What you have to do
In your copy, reproduce each entry exactly and leave out the pictures.

******************************

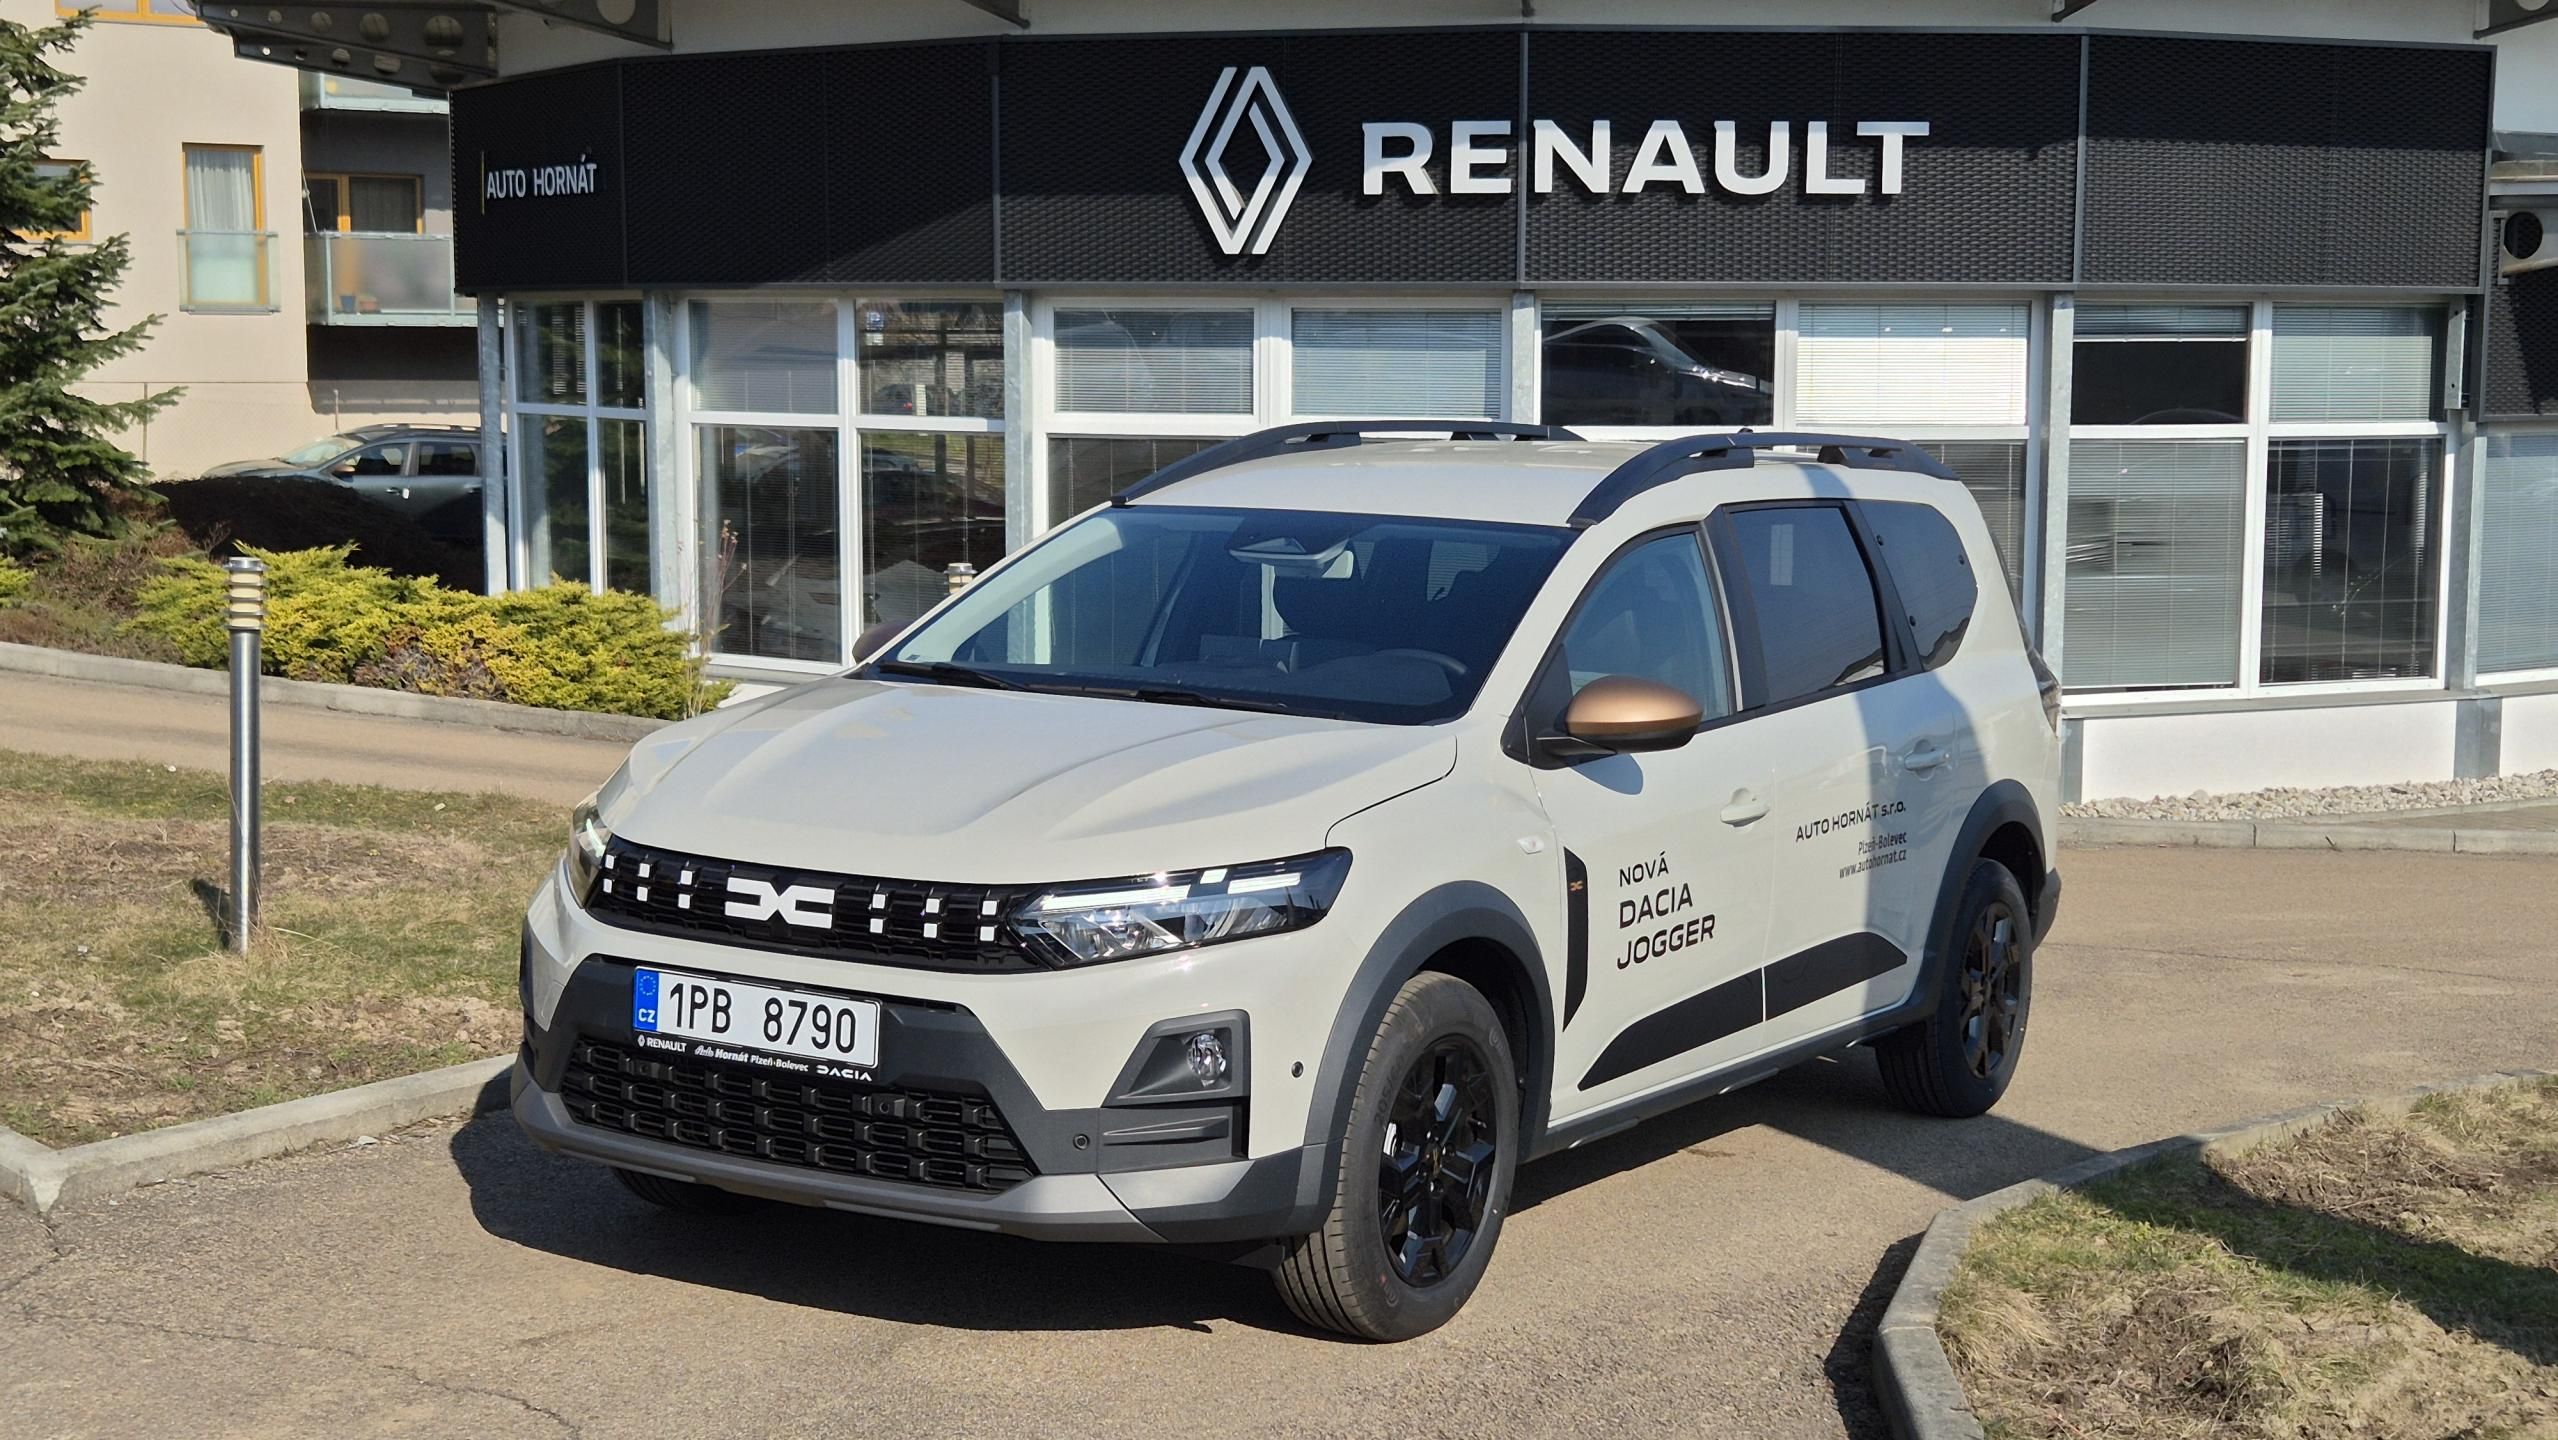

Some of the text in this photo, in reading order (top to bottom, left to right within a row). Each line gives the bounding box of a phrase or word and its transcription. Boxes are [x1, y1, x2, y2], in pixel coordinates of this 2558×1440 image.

[486, 154, 598, 199] AUTO HORNÁT
[1361, 119, 1930, 196] RENAULT
[1795, 801, 1906, 842] AUTO HORNÁT s.r.o.
[1858, 832, 1907, 855] Plzeň-Bolevec
[1619, 850, 1669, 888] NOVÁ
[1839, 849, 1907, 879] www.autohornat.cz
[1619, 882, 1693, 929] DACIA
[1616, 914, 1716, 970] JOGGER
[638, 1008, 656, 1024] CZ
[669, 982, 857, 1054] 1PB 8790
[646, 1037, 688, 1053] RENAULT
[714, 1048, 749, 1063] Hornát
[816, 1064, 873, 1082] DACIA

******************************

The answer
Some of the text in this photo, in reading order (top to bottom, left to right within a row). Each line gives the bounding box of a phrase or word and its transcription. Boxes are [x1, y1, x2, y2], in pixel coordinates of this 2558×1440 image.

[486, 154, 598, 199] AUTO HORNÁT
[1361, 119, 1930, 196] RENAULT
[1795, 801, 1906, 842] AUTO HORNÁT s.r.o.
[1858, 832, 1907, 855] Plzeň-Bolevec
[1619, 850, 1669, 888] NOVÁ
[1839, 849, 1907, 879] www.autohornat.cz
[1619, 882, 1693, 929] DACIA
[1616, 914, 1716, 970] JOGGER
[638, 1008, 656, 1024] CZ
[669, 982, 857, 1054] 1PB 8790
[646, 1037, 688, 1053] RENAULT
[714, 1048, 749, 1063] Hornát
[816, 1064, 873, 1082] DACIA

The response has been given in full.